(Beginning of Exercise data)

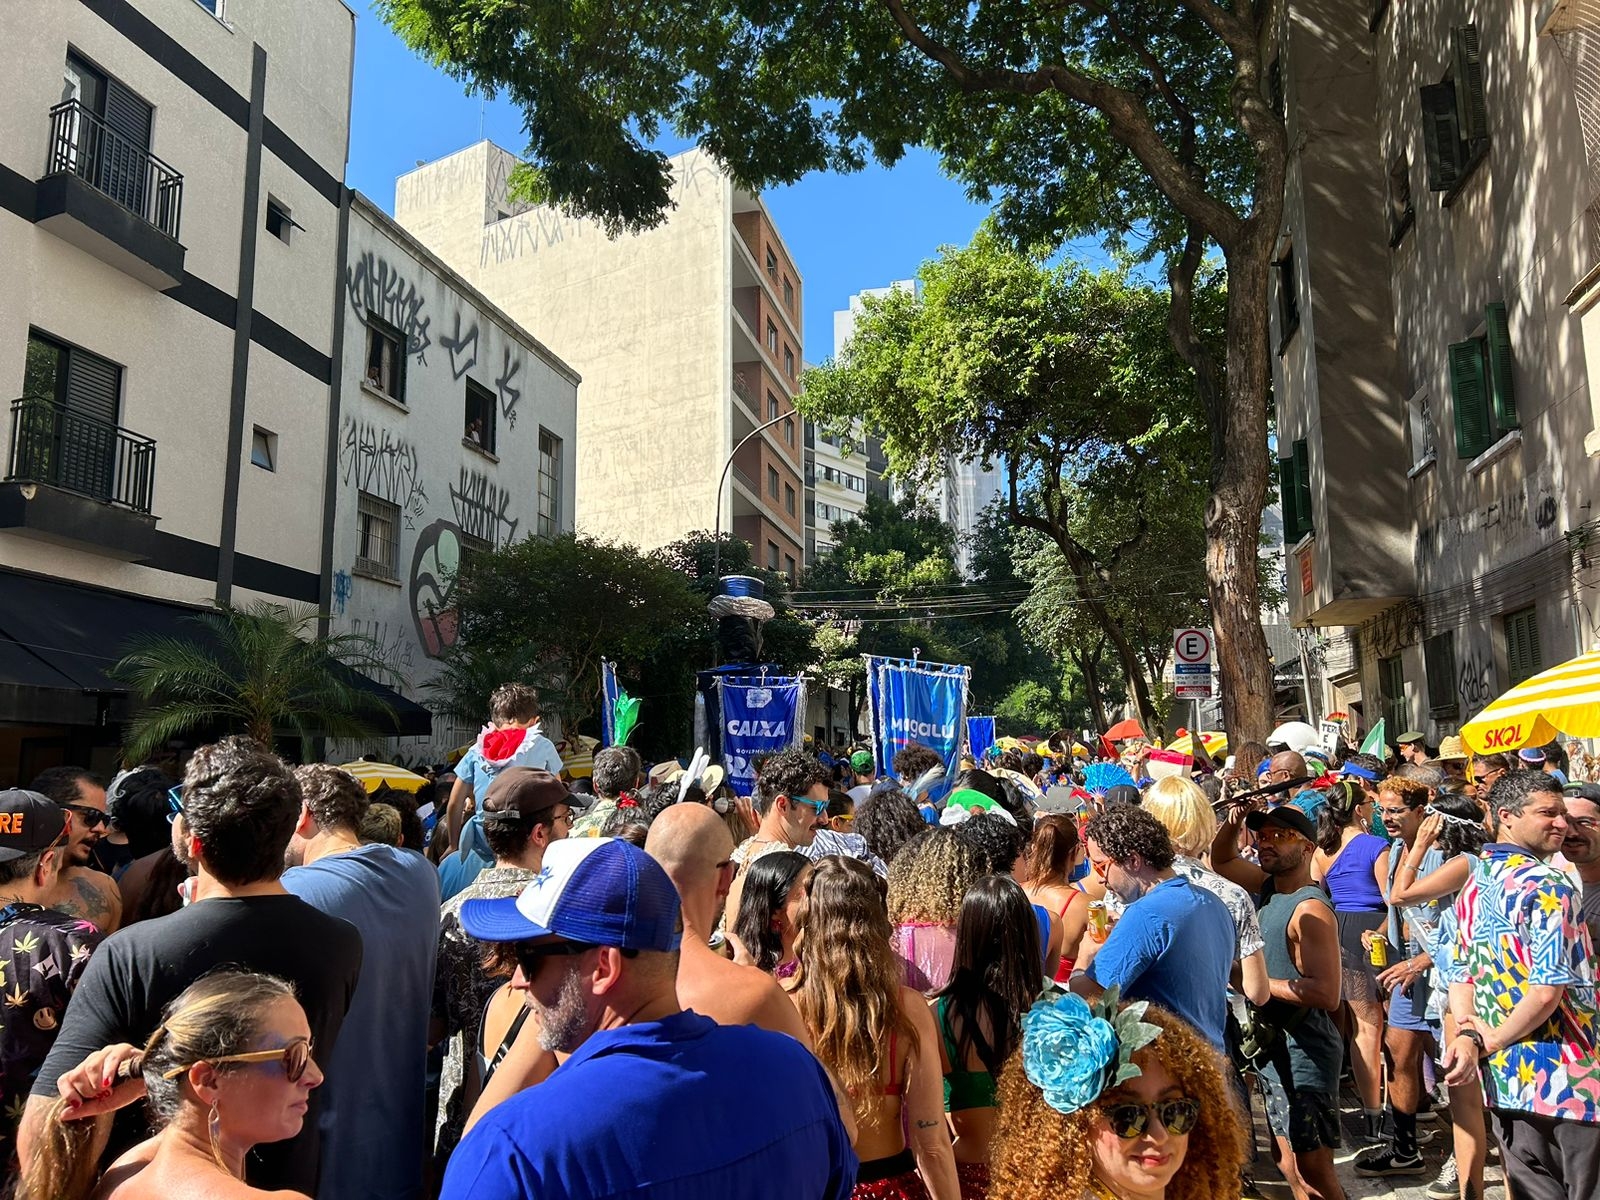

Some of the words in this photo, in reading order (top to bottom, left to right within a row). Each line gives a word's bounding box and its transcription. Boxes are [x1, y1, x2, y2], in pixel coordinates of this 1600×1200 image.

[1186, 638, 1198, 655] E
[727, 720, 786, 737] CAIXA
[1484, 724, 1521, 749] SKOL
[0, 812, 24, 834] RE

(End of Exercise data)

Your reply should be the full data above, copied exactly, with no pictures in it.

Some of the words in this photo, in reading order (top to bottom, left to right within a row). Each line gives a word's bounding box and its transcription. Boxes are [x1, y1, x2, y2], in pixel coordinates of this 1600×1200 image.

[1186, 638, 1198, 655] E
[727, 720, 786, 737] CAIXA
[1484, 724, 1521, 749] SKOL
[0, 812, 24, 834] RE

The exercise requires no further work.